Arizona senators John McCain and Jeff Flake, both Republicans, will host Democratic Senators Chuck Schumer of New York and Michael Bennet of Colorado this Wednesday in Arizona.
“For years, it’s been too much, too fast,” said Fernando Garcia, BNHR Executive Director. “We don’t need more drones, walls or weapons here. What we do need is for the operations here to be infused with accountability and oversight, and for the ports of entry to finally get the resources that they are lacking.”
Immigration reform has been held hostage to arbitrary, often unrealistic, standards border security for too long. BNHR welcomes the senators to the border and demands that they take a closer look at what would really make our southern border more secure, more free and more prosperous.
In fact, our border communities have seen an unprecedented expansion of the efforts to “secure” the border in the last 10 years.

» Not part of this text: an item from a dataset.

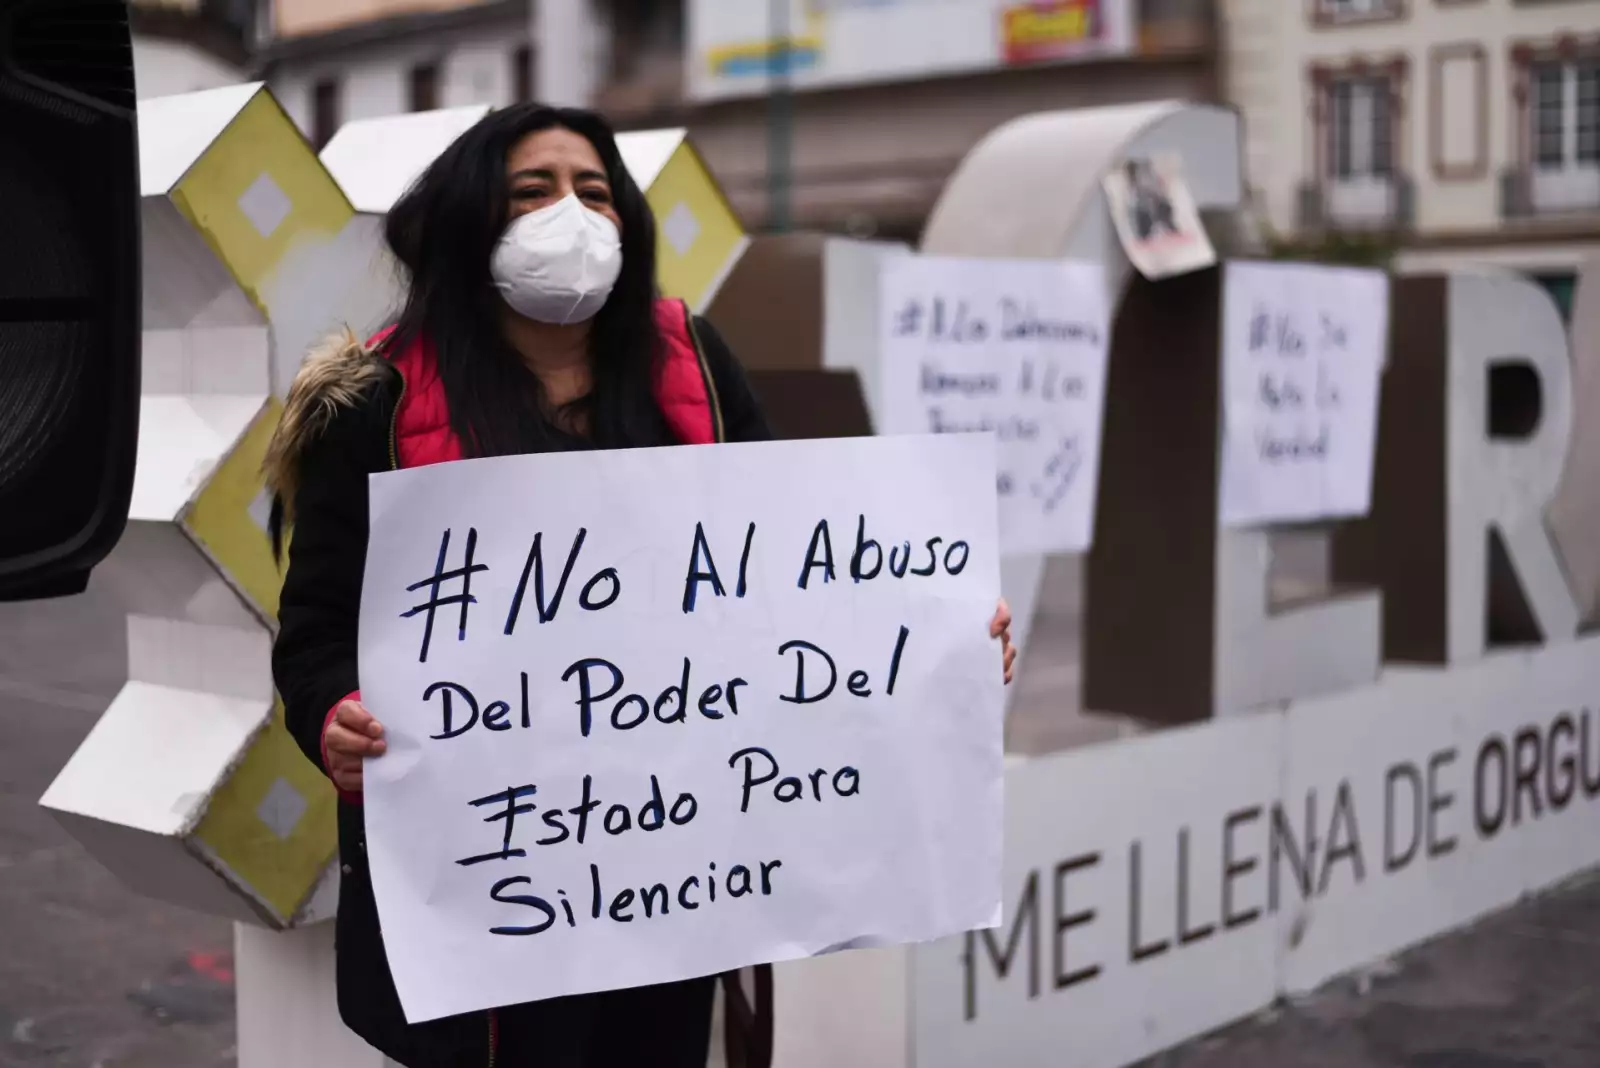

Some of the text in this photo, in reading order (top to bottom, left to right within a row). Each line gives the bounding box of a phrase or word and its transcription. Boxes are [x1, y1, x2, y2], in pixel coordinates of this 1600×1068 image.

We have increased the number of border patrol agents to more than 22,000. Hundreds of miles of fencings and wall have been erected. Military units and National Guard have been deployed in a constant and unregulated basis. And billions of dollars, $18 billion in 2012 alone, have been spent and wasted in programs, operations and technology.
BNHR strongly rejects the notion that more punitive, expensive and unaccountable enforcement is needed to move forward with a functional and humane reform that brings people out of the shadows and unifies families.
What BNHR has recommended to lawmakers is the establishment of a DHS Border Oversight Task Force to bring accountability to border enforcement programs, policies and strategies. This Task Force would hold federal border enforcement agencies accountable and provide recommendations regarding border operations, complaint procedures, conditions in Border Patrol facilities and vehicles, DHS training programs, and federal border security and immigration policy. Composed of diverse appointed stakeholders, from northern and southern border communities and experts on border issues, the Task Force would conduct independent investigations, evaluate, and submit reports, findings, and recommendations to the President, Congress, and relevant federal agencies on a semiannual basis.
A visit to the border will show the senators that communities here largely safe from crime, but are suffering the consequences of having the U.S. government’s largest law enforcement operation — border enforcement left to operate without accountability or oversight.
Lawmakers should concentrate their efforts and taxpayers’ resources to making border enforcement systems better. A balanced approach to immigration enforcement would better reflect our American values of due process, fiscal responsibility and accountability.